The proprioceptive system undergoes several age-related changes. Vibration and touch thresholds decline in older individuals, adversely affecting tactile information arising from the feet at their contact point with the ground. Similarly, the ability to detect the position and direction of joint movements declines with age.
A number of studies have demonstrated decreased postural stability when proprioceptive input is altered in such a way that it provides inaccurate information regarding orientation. Horak et al. compared the performance of patients with severe neuropathy with age-matched controls and demonstrated that the performance of the control subjects became similar to that of patients with neuropathy for test conditions in which proprioceptive input was altered. Therefore, it is not surprising that reduction of vibration and tactile sensation at the ankle and knee joints has been associated with an increased risk of falls in the elderly.

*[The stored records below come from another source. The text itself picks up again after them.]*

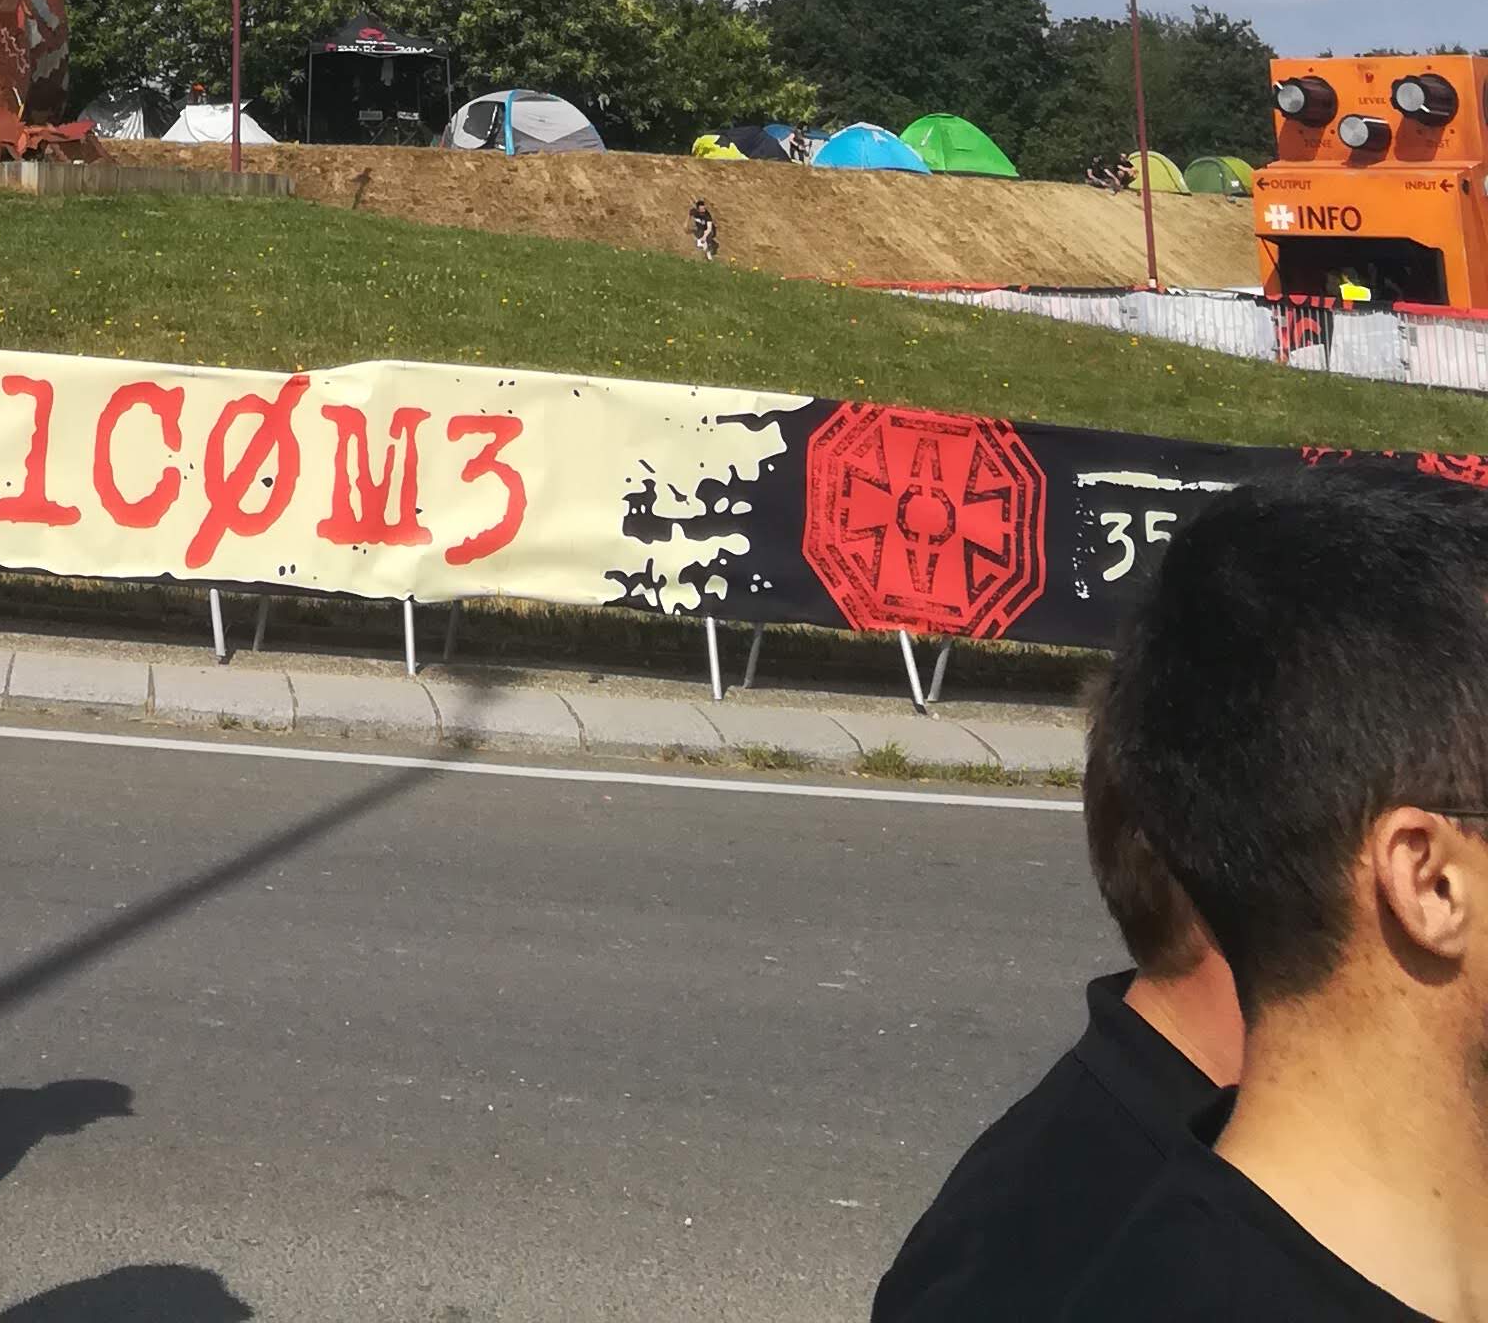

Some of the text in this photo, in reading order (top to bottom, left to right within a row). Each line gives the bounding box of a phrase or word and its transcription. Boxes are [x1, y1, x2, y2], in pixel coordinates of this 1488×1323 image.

[1358, 96, 1387, 105] LEVEL
[1270, 178, 1312, 191] OUTPUT
[1405, 179, 1437, 192] INPUT
[1297, 205, 1362, 232] INFO
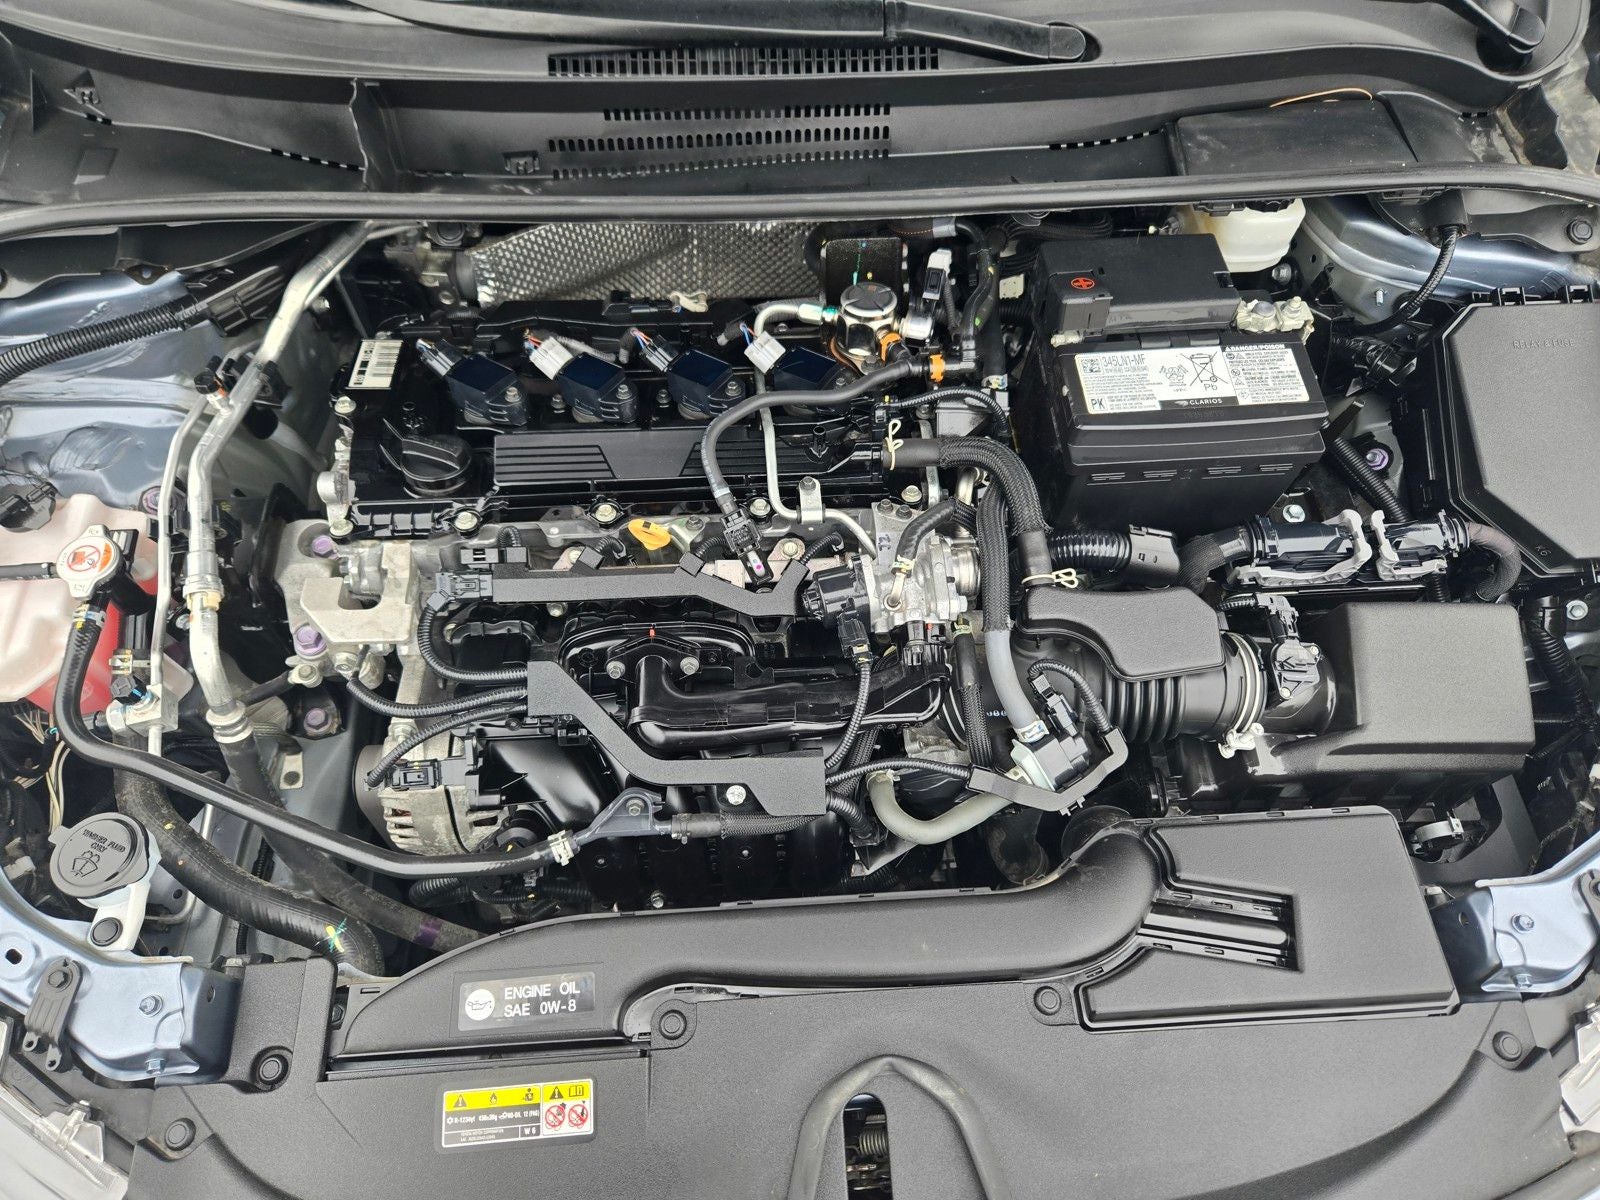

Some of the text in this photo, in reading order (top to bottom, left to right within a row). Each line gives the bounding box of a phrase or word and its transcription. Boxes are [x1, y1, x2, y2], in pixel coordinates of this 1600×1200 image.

[1204, 383, 1218, 391] Pb
[1090, 398, 1106, 410] PK
[1189, 398, 1223, 406] CLARIOS
[504, 981, 581, 1000] ENGINE OIL
[504, 1002, 531, 1018] SAE

Concomitant conditions such as diabetes mellitus or other causes of peripheral neuropathy that can be more common in older patients may have a synergistic effect with age-related decline in lower extremity proprioceptive function. Peripheral neuropathy itself is predictive of falls in patients with bilateral vestibulopathy.
The role of neck proprioception on postural control has been studied using neck muscle vibration. Prolonged unilateral vibration of neck muscles during in-place stepping caused subjects to rotate about a vertical axis away from the side of vibration. Using a similar type of neck vibration during locomotion, Deshpande and Patla demonstrated reduced sensitivity of neck proprioception in older adults. This is an important observation because as noted before, age-related decline of the vestibular system usually involves bilateral reduction of function. In younger patients with bilateral vestibular loss, neck receptors play an important role as substitutes for the vestibular system. This mode of compensation may not be available in the elderly because of reduced neck proprioception.
The visual system undergoes significant age-related changes. In addition to visual acuity, several other visual functions, such as depth perception, accommodation, contrast sensitivity, and dark adaptation, decline with age. Deficits in depth perception and contrast sensitivity have been shown to have the largest contributory influence on falls. These impairments affect the ability of older adults to accurately judge distances and to avoid obstacles.
Age-related changes in static visual acuity as measured with stationary subjects and stationary targets have been studied extensively. The association between reduced static visual acuity and balance problems in the elderly is still in dispute. Deterioration of dynamic visual acuity, in which either the target or the subject is moving, has also been documented in older individuals. Interestingly, patients with acute unilateral and bilateral vestibular lesions also exhibit impaired dynamic visual acuity and complain of blurred vision during head movements. The coexistence of this impairment in the elderly and in patients with known balance disorders may explain some of the symptoms in older adults.
It has been shown that reliance on visual input increases with age. For example, older subjects exposed to moving visual surrounds were affected more and demonstrated greater postural sway than younger subjects. Although both older and younger subjects were able to adapt to moving visual stimuli, older individuals required significantly more time for adaptation to occur. In addition, postural sway of older subjects who were presented with spatially inaccurate visual stimuli was significantly greater than the response of younger subjects.